二人にしかわからない、彼らの関係が気になるところだが、間に挟まれ見ているだけの孝宏は、居心地が悪い事この上ない。
「そういえばさっきチラリと聞こえたのですが、無詠唱が何とかって。それ何のことです?」
「おや、聞こえたのかい?すごいねぇ。彼のさっきの火の魔術、呪文もなかっただろう?道具を使ってるようにも見えなかったかし。あれだけの魔術を呪文なしにどうやったのか知りたくてね」
それを聞いたカダンは憂鬱そうに眼を細めた。
「まさかそれ、本気で言ってるんですか?」
声の抑揚は変わらず辛辣だ。
高くも低くもなっていない。それなのに、孝宏にはどうしてか雰囲気が変わったように感じた。首の後ろがざわざわする。

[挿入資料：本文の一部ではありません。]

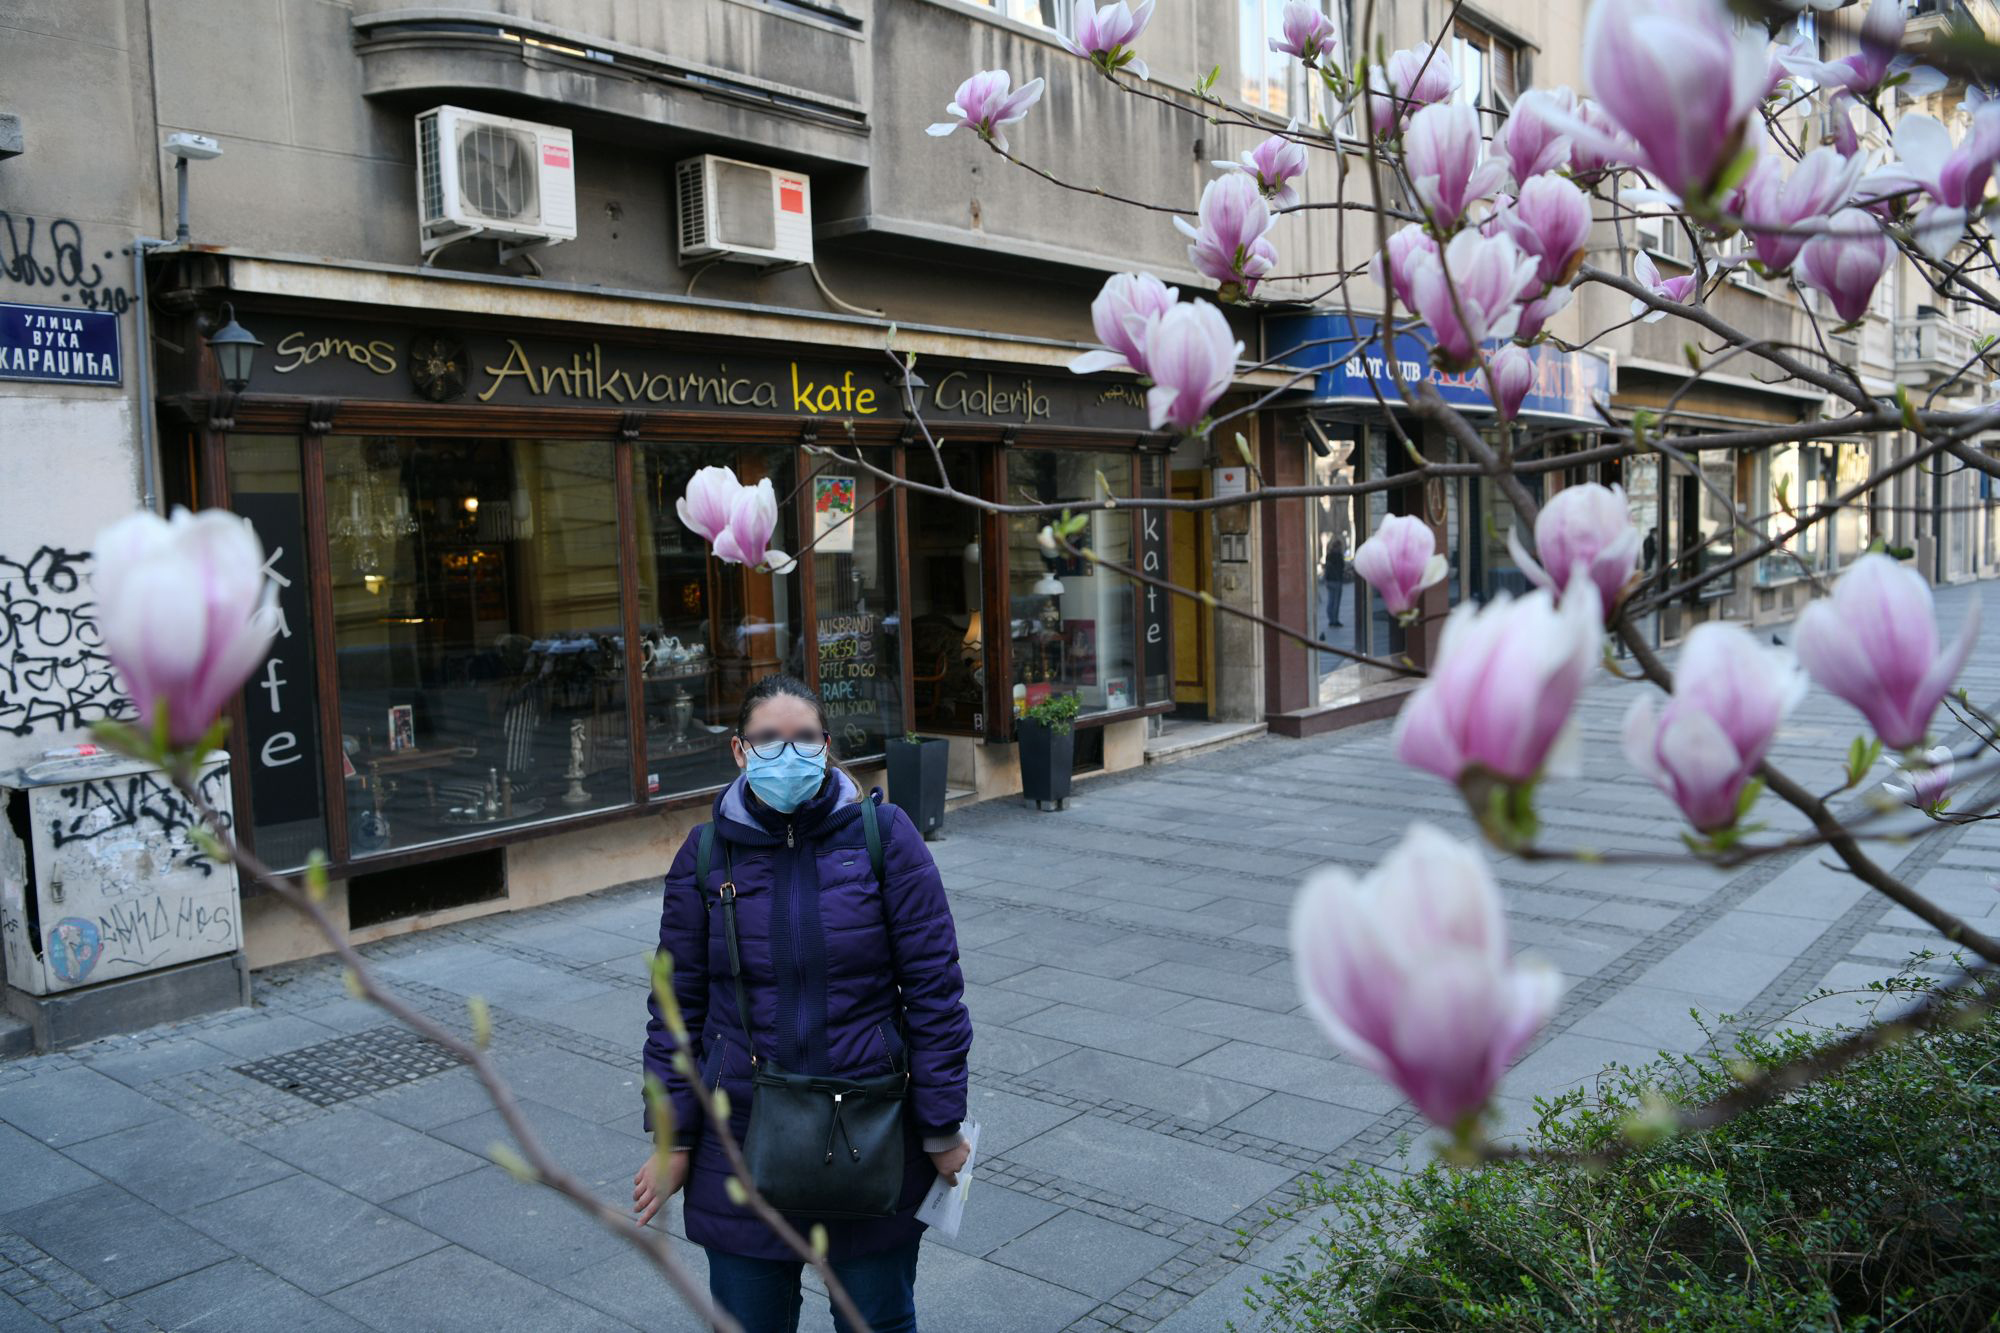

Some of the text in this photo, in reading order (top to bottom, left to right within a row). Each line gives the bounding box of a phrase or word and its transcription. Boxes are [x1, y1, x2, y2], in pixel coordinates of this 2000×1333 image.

「詠唱した決まってるじゃないですか。呪文なしに、魔法が使える魔術師なんていませんよ」
孝宏は横目でカダンを見た。
彼の瞳は深い海色に光を湛え、何か言う度、口から小さな光が零れた。
覚えのある光景に瞬きも忘れ、孝宏は目を見張った。
緊張から声が詰まり、背筋が震えた。
これは見てはいけないものを見てしまった時に似ている。本能が警告を鳴らし、口を噤め、考えるなという。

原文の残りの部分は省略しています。